--- START ---
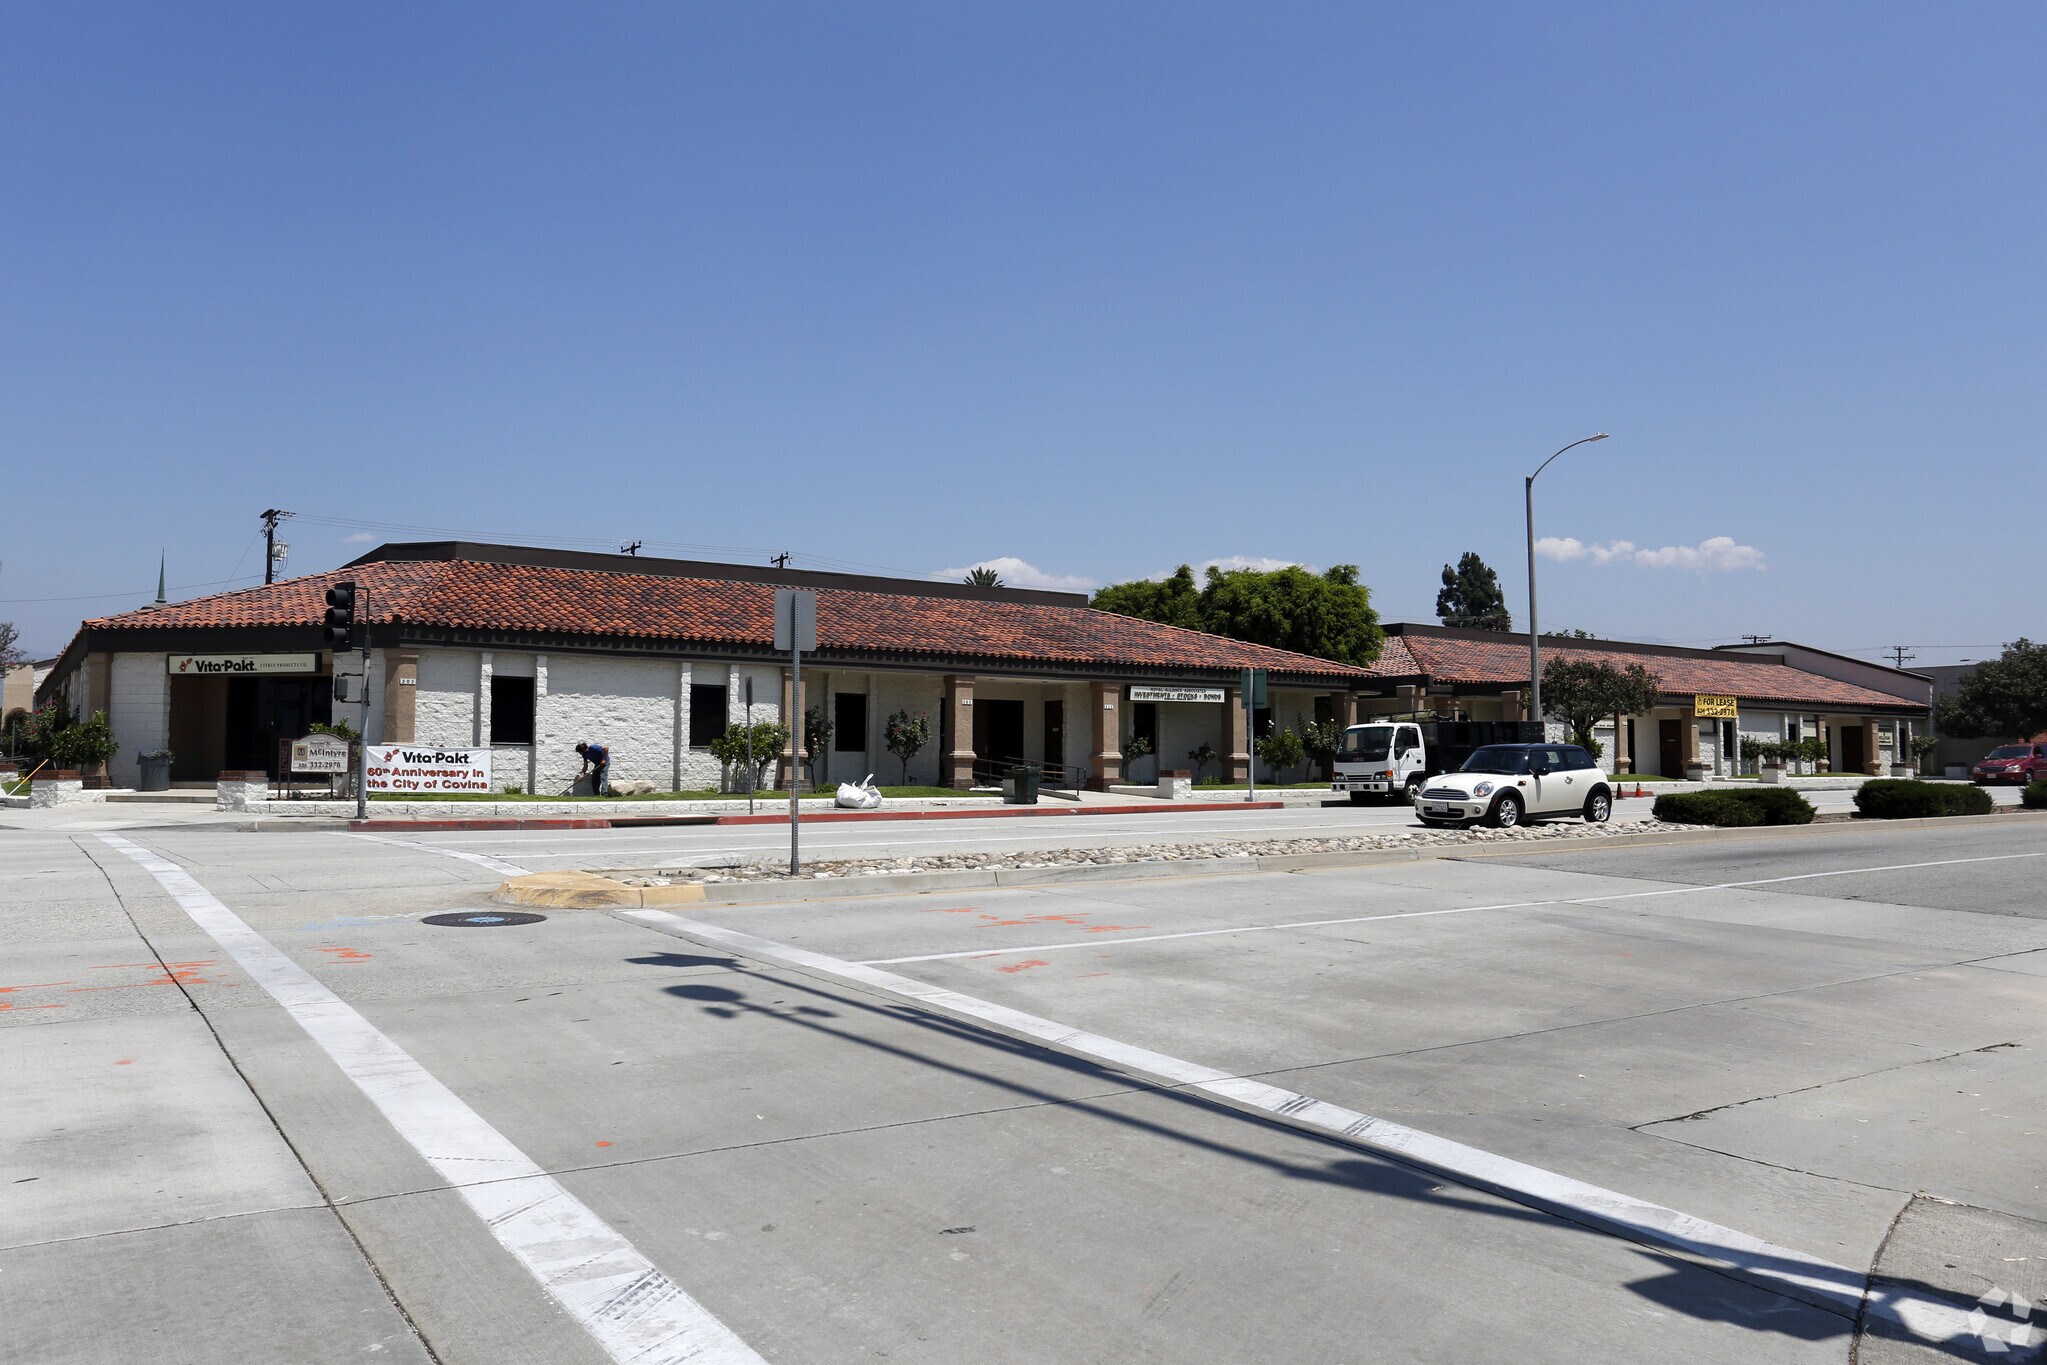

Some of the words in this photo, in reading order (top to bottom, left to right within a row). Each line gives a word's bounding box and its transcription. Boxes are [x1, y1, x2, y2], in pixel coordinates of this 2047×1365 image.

[195, 660, 255, 672] Vita-Pakt
[309, 748, 347, 757] McIntyre
[402, 752, 470, 764] Vita-Pakt
[310, 761, 341, 769] 332-2978
[367, 767, 390, 777] 60th
[391, 767, 469, 779] Anniversary
[472, 768, 485, 777] in
[366, 779, 388, 788] the
[392, 779, 419, 790] City
[423, 780, 438, 789] of
[441, 780, 488, 789] Covina
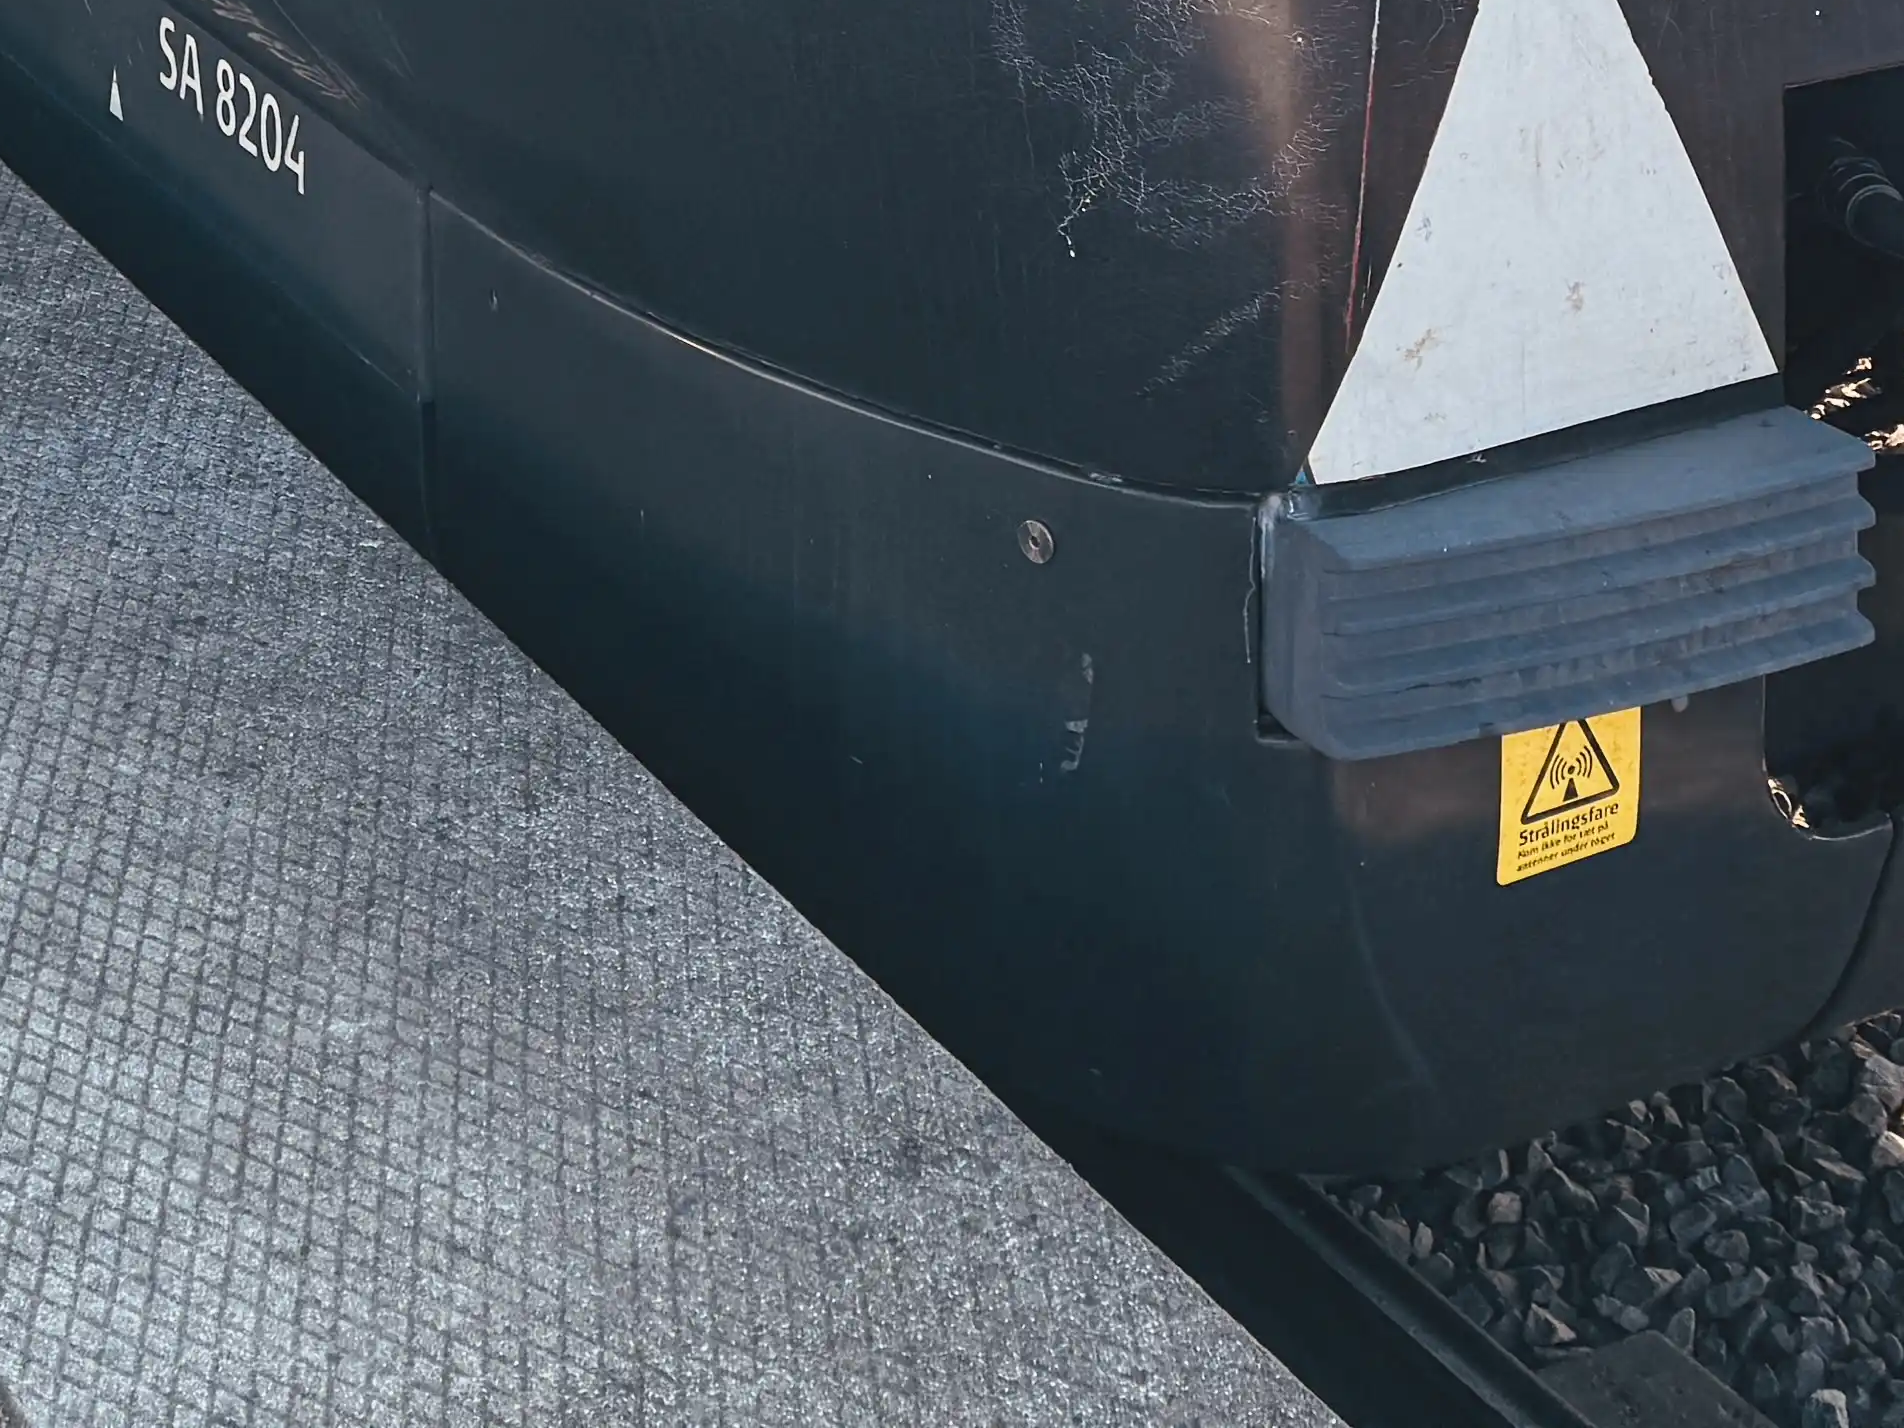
--- END ---
Required work. Give back the records word for word, without their pictures.

Answer for the task.
Some of the words in this photo, in reading order (top to bottom, left to right within a row). Each line gives a word's bounding box and its transcription. Boxes are [x1, y1, x2, y2], in pixel coordinates of this 2047×1365 image.

[195, 660, 255, 672] Vita-Pakt
[309, 748, 347, 757] McIntyre
[402, 752, 470, 764] Vita-Pakt
[310, 761, 341, 769] 332-2978
[367, 767, 390, 777] 60th
[391, 767, 469, 779] Anniversary
[472, 768, 485, 777] in
[366, 779, 388, 788] the
[392, 779, 419, 790] City
[423, 780, 438, 789] of
[441, 780, 488, 789] Covina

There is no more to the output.